:: DIRECTIONS FOR THIS TASK ::
What is needed is the full listing written out exactly, minus the pictures.

:: INFORMATION SUPPLIED ::
:::::

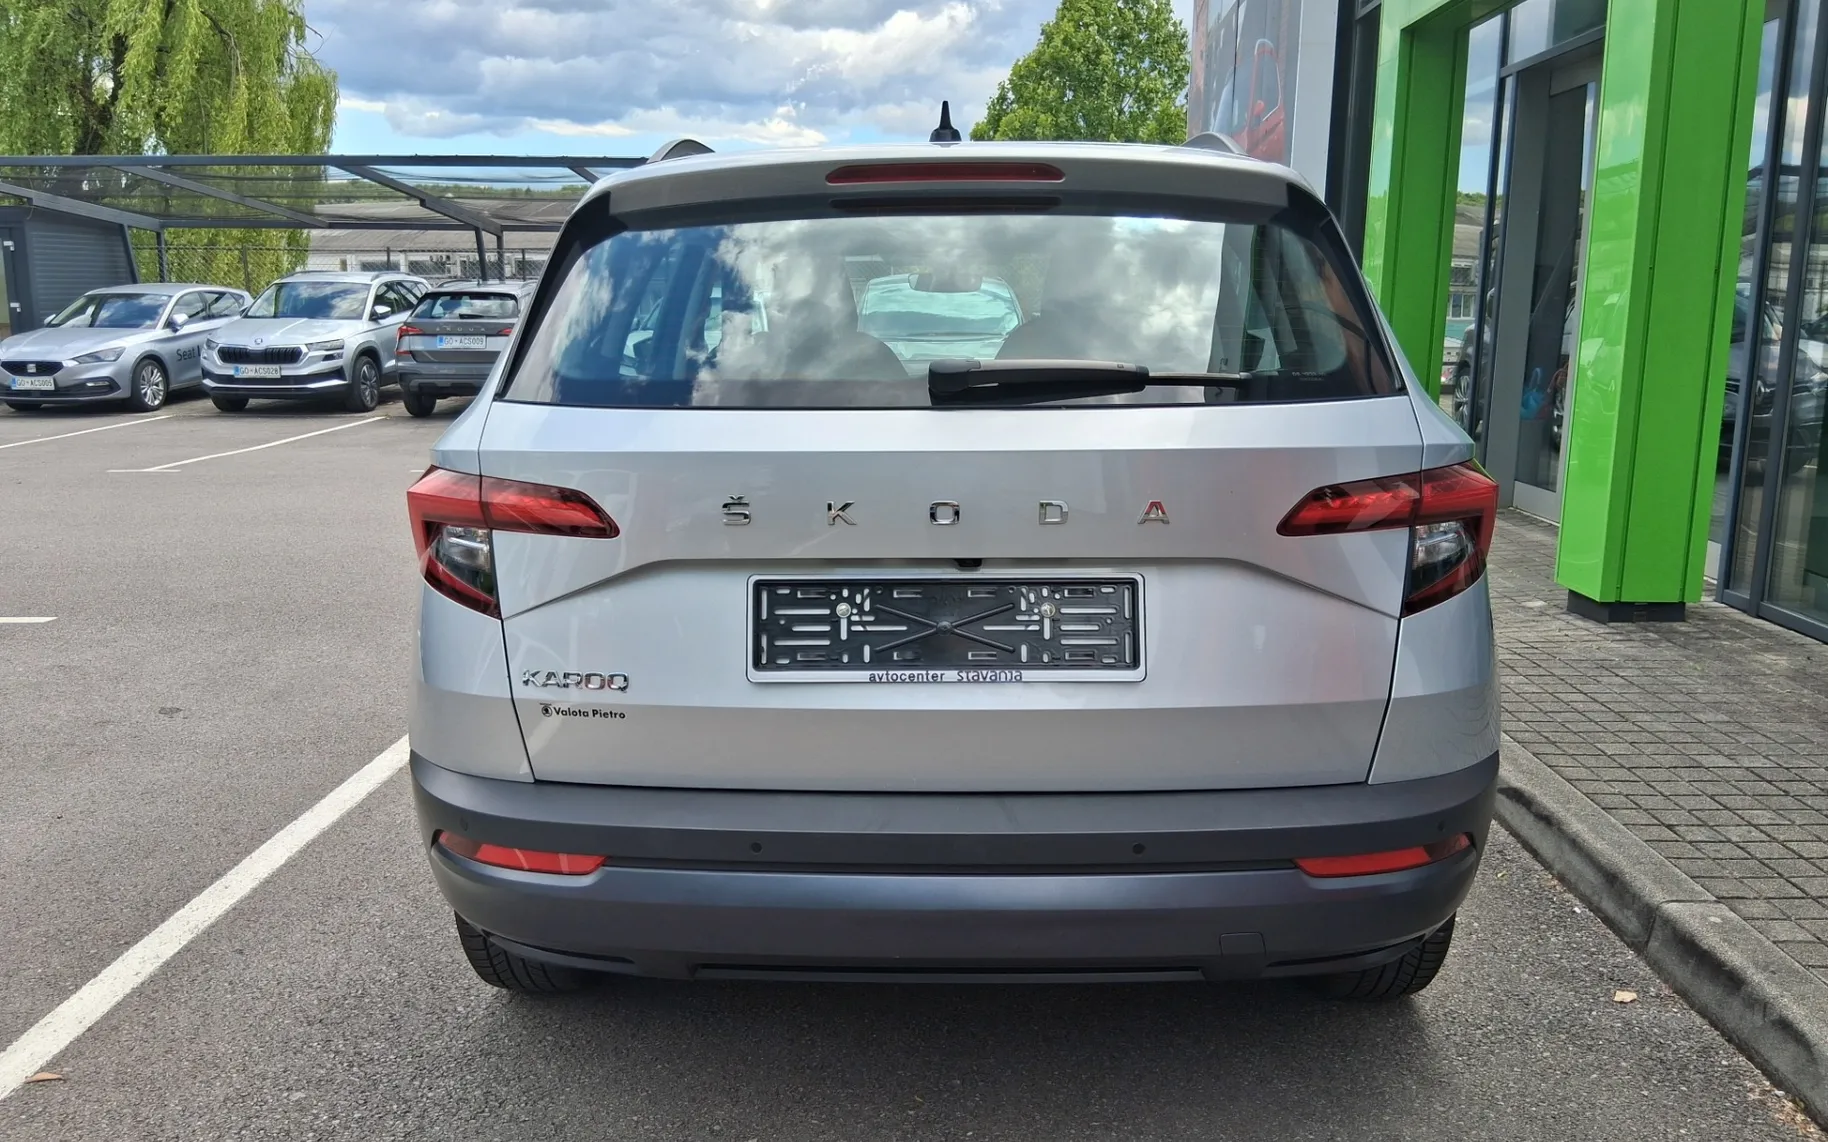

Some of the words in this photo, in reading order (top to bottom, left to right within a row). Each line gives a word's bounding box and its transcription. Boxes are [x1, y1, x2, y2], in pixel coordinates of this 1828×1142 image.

[176, 347, 196, 362] Seat
[722, 494, 1170, 526] ŠKODA
[522, 669, 629, 693] KAROQ
[868, 670, 945, 682] avtocenter
[553, 706, 589, 718] Valota
[592, 708, 626, 719] Pietro
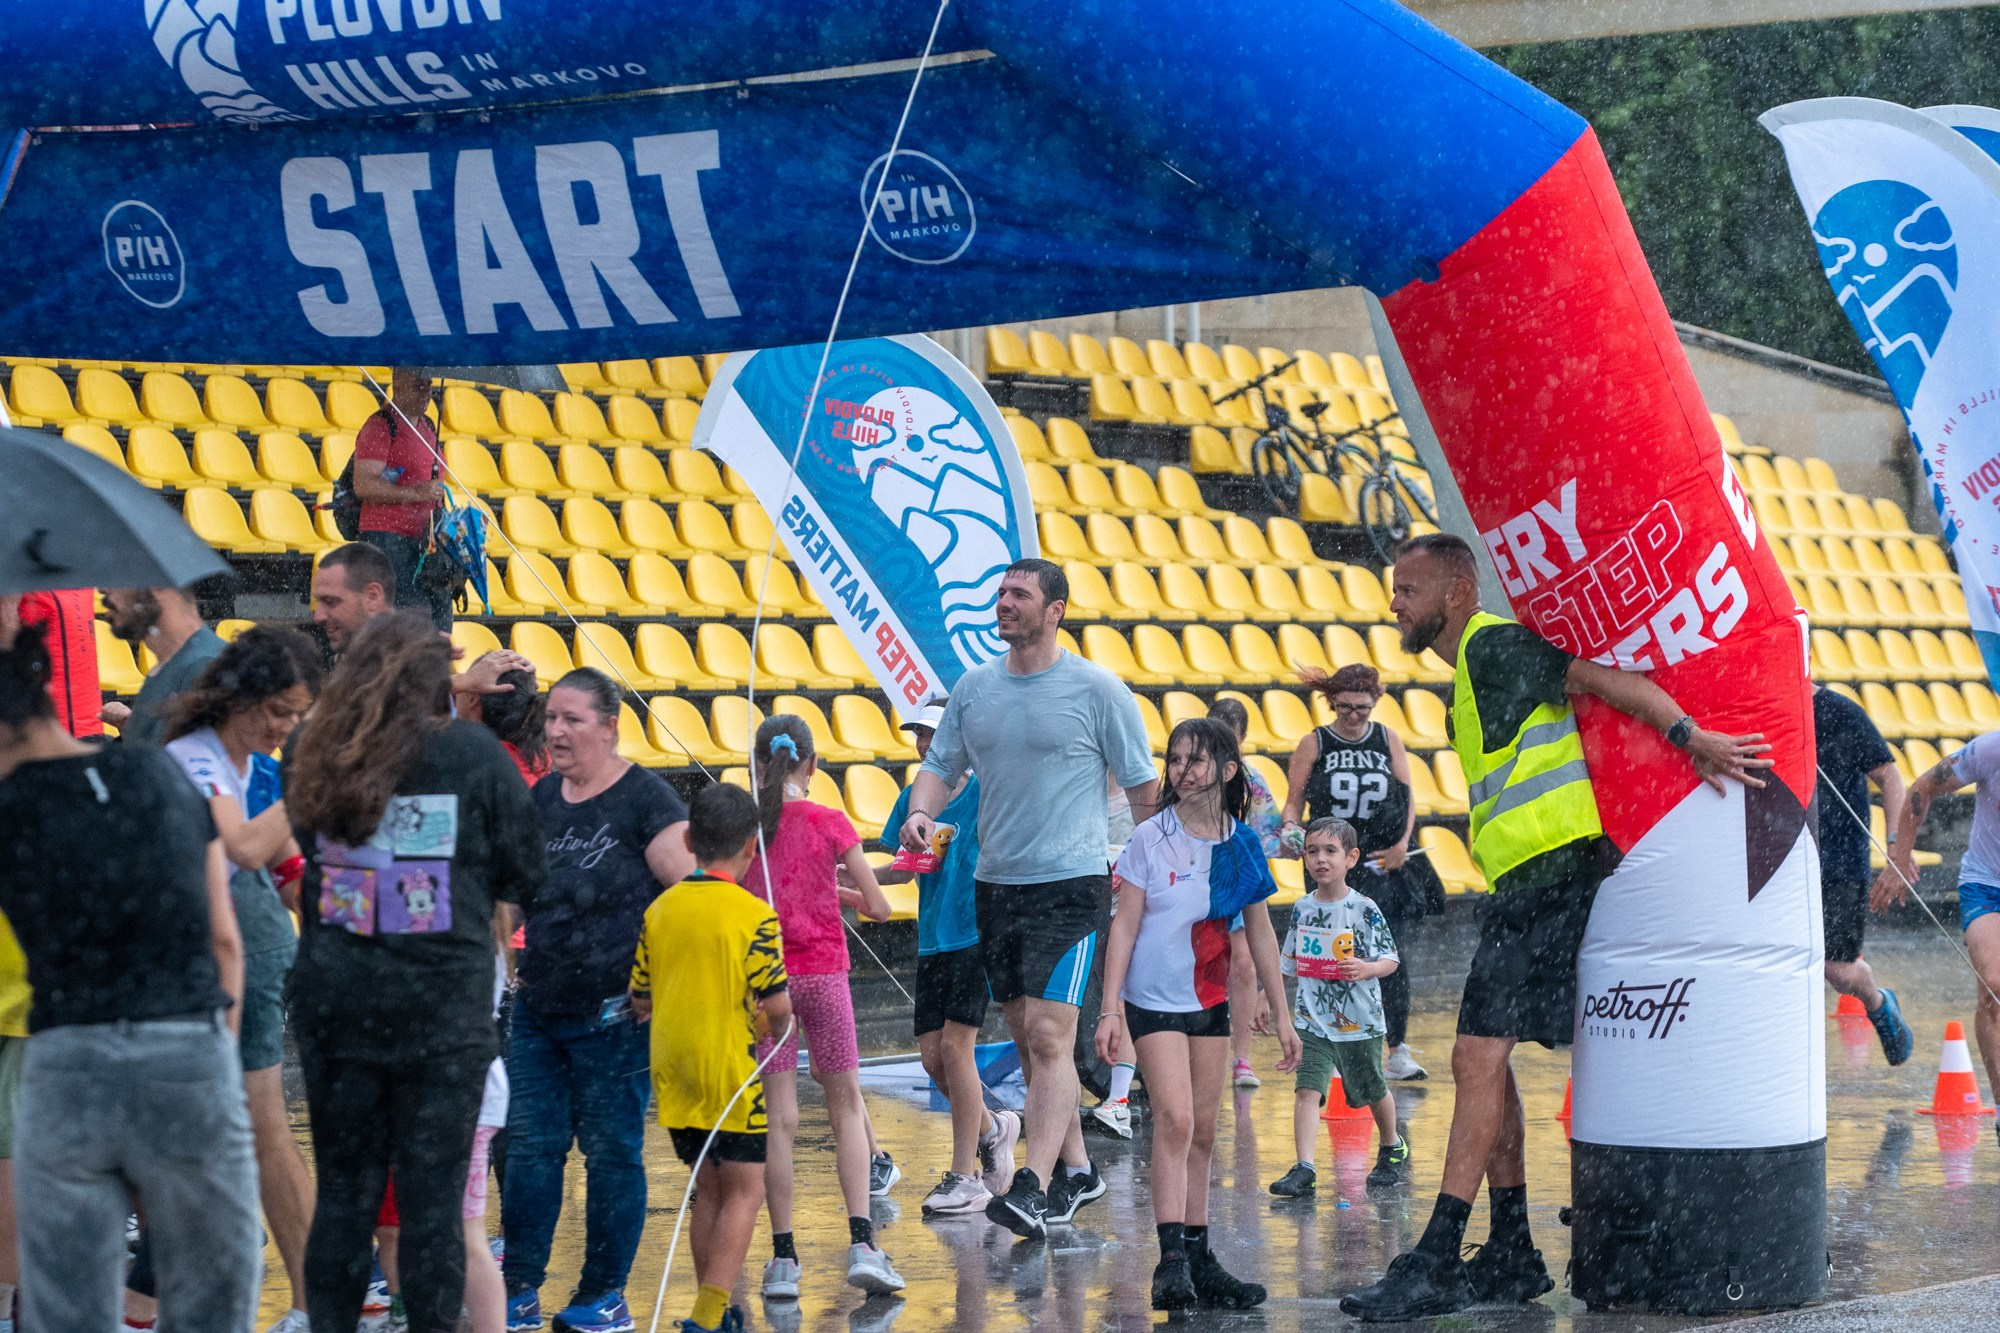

:::::

:: ANSWER TO THIS PROBLEM ::
Some of the words in this photo, in reading order (top to bottom, left to right within a row). Each line gives a word's bounding box and its transcription. Boxes are [x1, y1, x2, y2], in pixel coordinates of this 1828×1142 image.

[176, 347, 196, 362] Seat
[722, 494, 1170, 526] ŠKODA
[522, 669, 629, 693] KAROQ
[868, 670, 945, 682] avtocenter
[553, 706, 589, 718] Valota
[592, 708, 626, 719] Pietro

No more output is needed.